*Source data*
- Opening Delimiter -

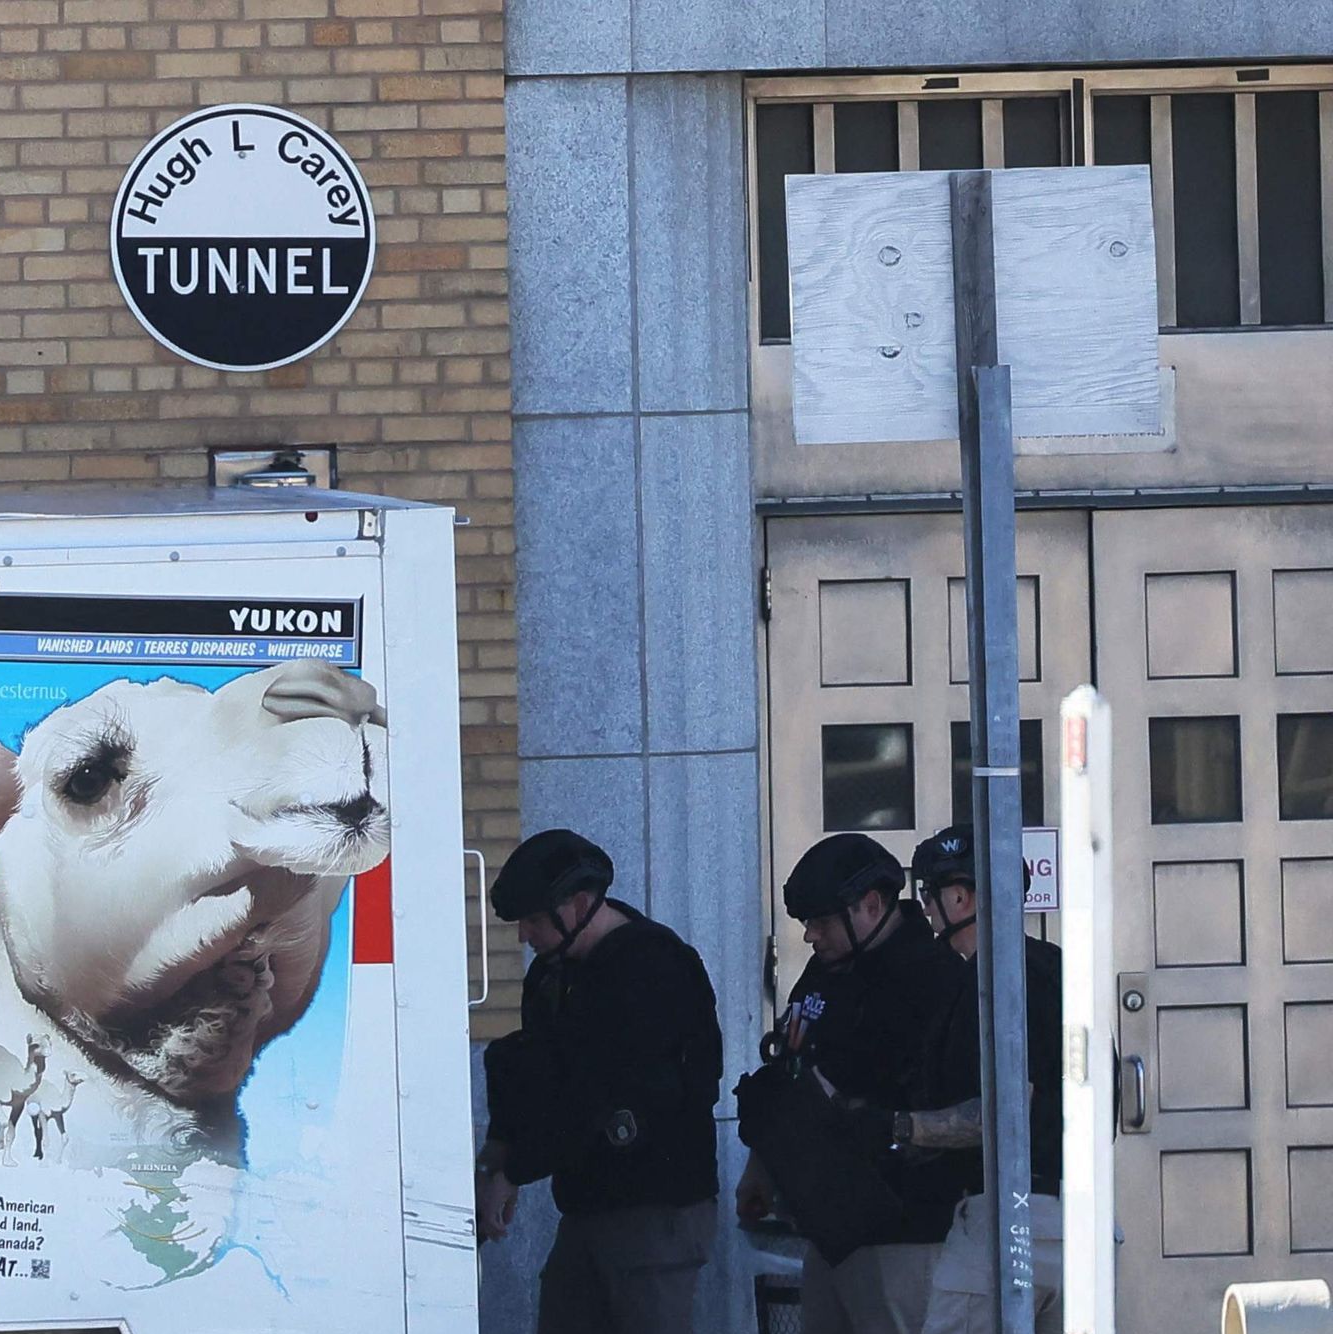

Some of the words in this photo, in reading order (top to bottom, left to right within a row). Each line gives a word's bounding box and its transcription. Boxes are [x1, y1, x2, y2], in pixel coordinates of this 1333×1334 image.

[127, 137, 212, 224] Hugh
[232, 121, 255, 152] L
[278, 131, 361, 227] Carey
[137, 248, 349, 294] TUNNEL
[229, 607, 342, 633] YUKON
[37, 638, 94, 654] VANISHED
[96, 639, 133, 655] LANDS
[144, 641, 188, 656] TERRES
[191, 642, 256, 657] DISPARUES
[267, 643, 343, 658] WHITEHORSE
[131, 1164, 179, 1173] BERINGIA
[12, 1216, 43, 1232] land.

- Closing Delimiter -

*Directions for this task*
What is needed is every record above, restated word for word, with the pictures left out.

*Exercise solution*
Some of the words in this photo, in reading order (top to bottom, left to right within a row). Each line gives a word's bounding box and its transcription. Boxes are [x1, y1, x2, y2], in pixel coordinates of this 1333×1334 image.

[127, 137, 212, 224] Hugh
[232, 121, 255, 152] L
[278, 131, 361, 227] Carey
[137, 248, 349, 294] TUNNEL
[229, 607, 342, 633] YUKON
[37, 638, 94, 654] VANISHED
[96, 639, 133, 655] LANDS
[144, 641, 188, 656] TERRES
[191, 642, 256, 657] DISPARUES
[267, 643, 343, 658] WHITEHORSE
[131, 1164, 179, 1173] BERINGIA
[12, 1216, 43, 1232] land.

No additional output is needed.